Hoplomorpha camelaea is a moth in the family Oecophoridae first described by Edward Meyrick in 1888. It is found in Australia, where it has been recorded from Victoria, Queensland, New South Wales and the Australian Capital Territory.

The wingspan is about 17 mm. The forewings are whitish ochreous with a large dark reddish-fuscous white-margined blotch extending on the inner margin from one-fourth to four-fifths, gradually narrowing upwards, reaching more than halfway across the wing, the upperside rounded but deeply triangularly indented before the middle.

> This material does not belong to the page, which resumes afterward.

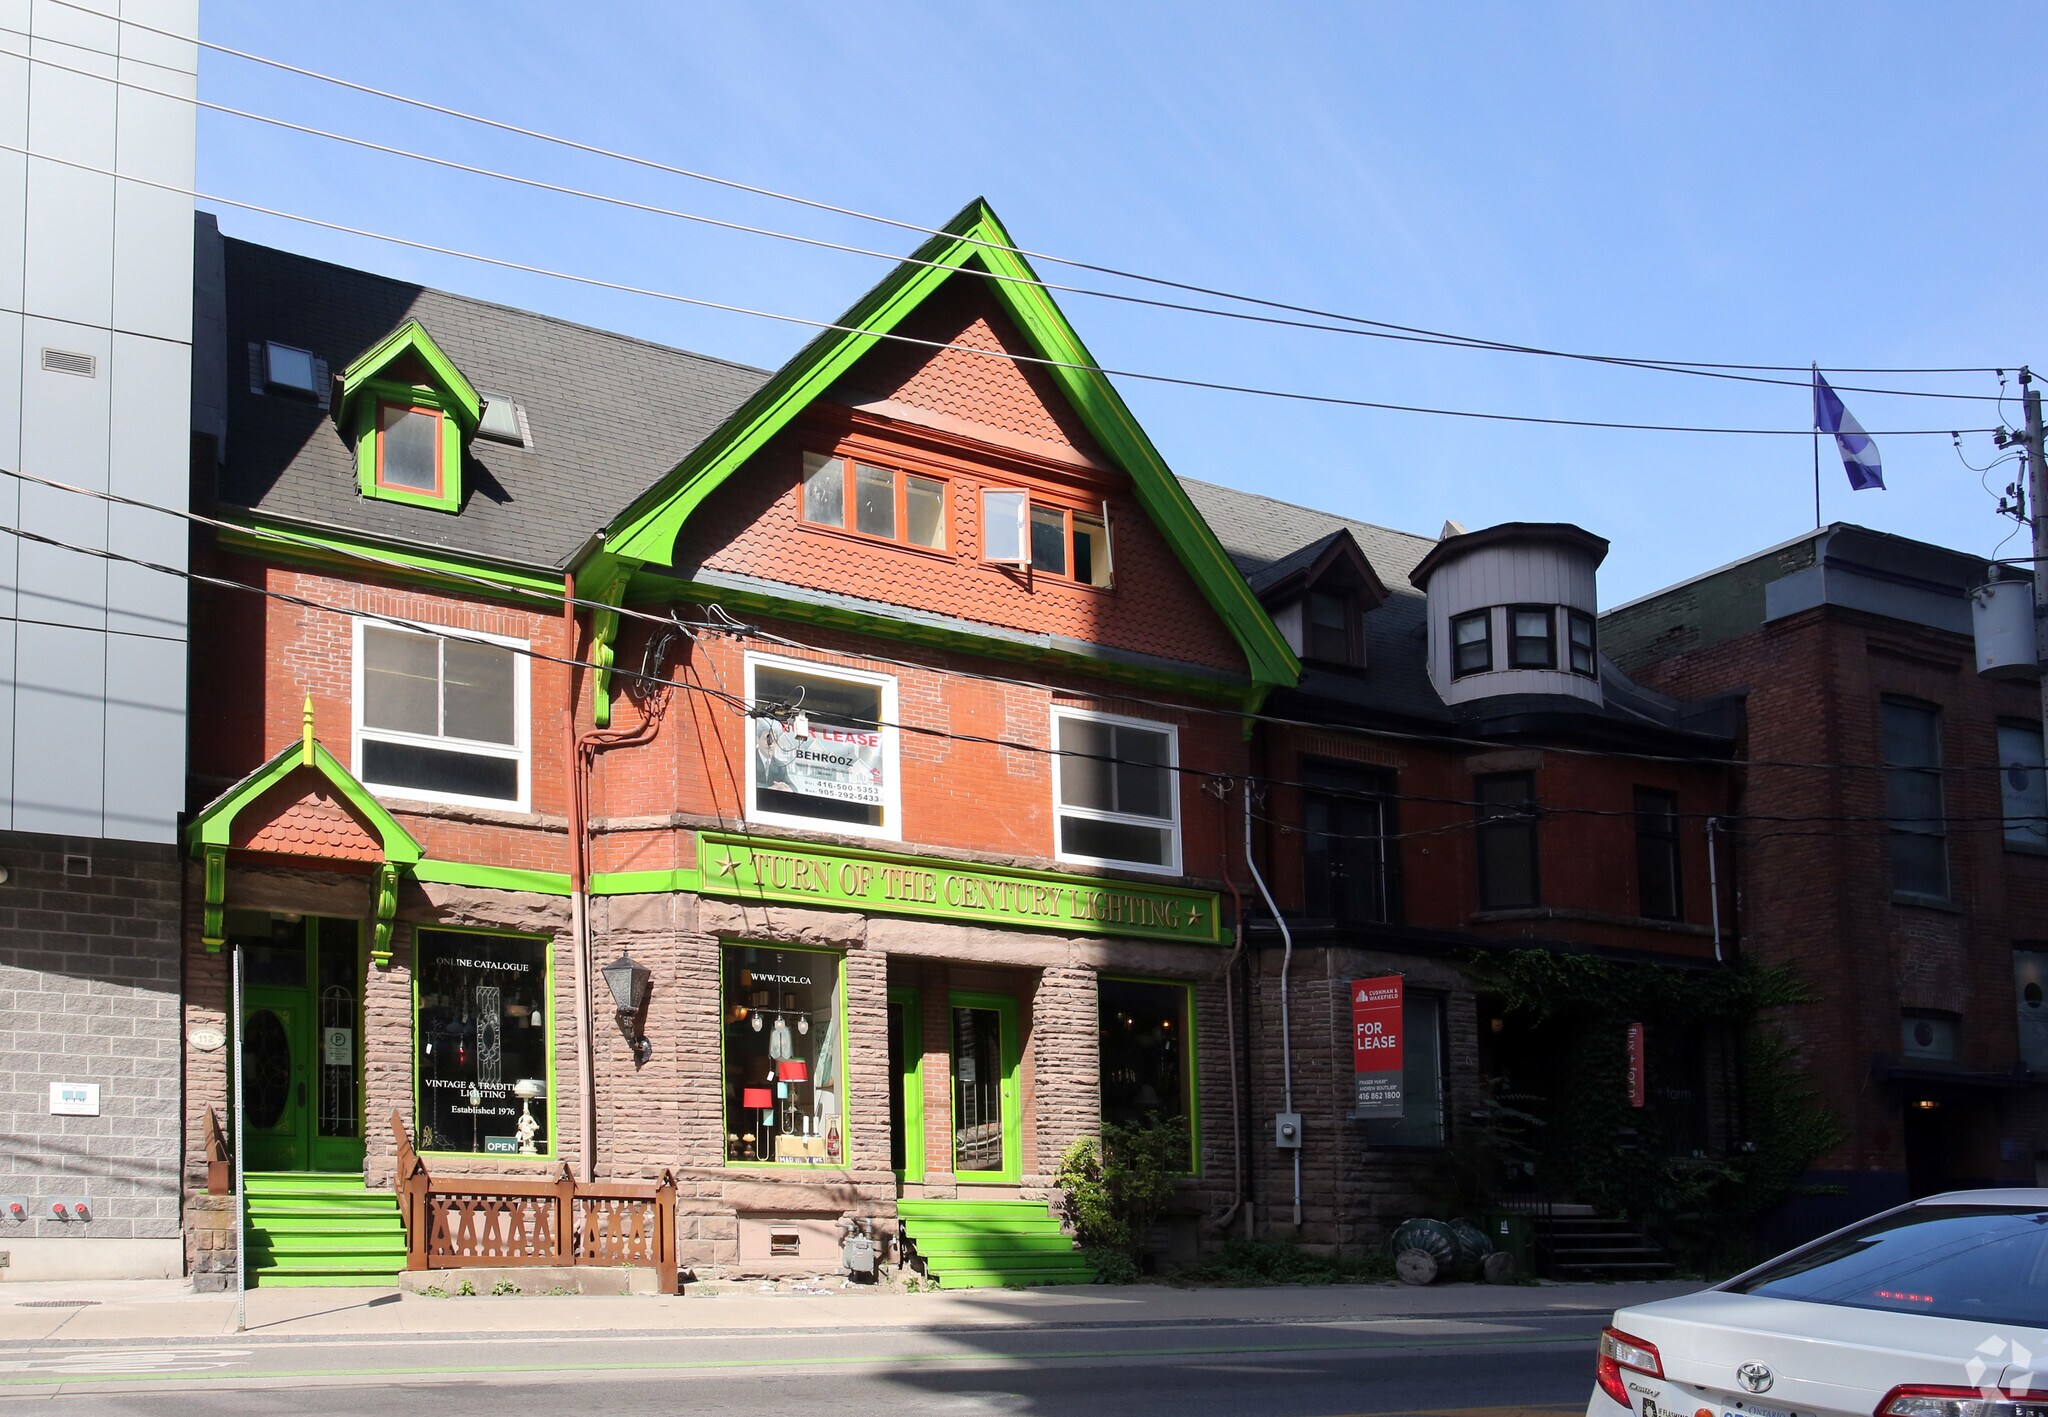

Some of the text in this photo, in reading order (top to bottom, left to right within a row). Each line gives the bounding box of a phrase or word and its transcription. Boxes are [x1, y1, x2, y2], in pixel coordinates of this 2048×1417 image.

There is a cloudy greyish-pink band from the middle of the costa to the apex of this blotch, posteriorly margined by a brown line suffused with ferruginous and a curved transverse linear dark fuscous mark in the disc, its lower extremity touching the upper posterior angle of the blotch. There is a dark brown streak, suffused beneath with ferruginous, along the costa from the base, interrupted by a median band, beyond it leaving the costa and continued in a strong outward curve to the anal angle, broader and more suffused anteriorly in the disc, attenuated and nearly obsolete on the anal angle. The curve is posteriorly well defined and margined by a whitish-ochreous line except towards the costa. Beyond this line, the apical area is wholly greyish pink. The hindwings are whitish ochreous, the apical half dark grey, continued as a suffused streak along the hindmargin to the anal angle.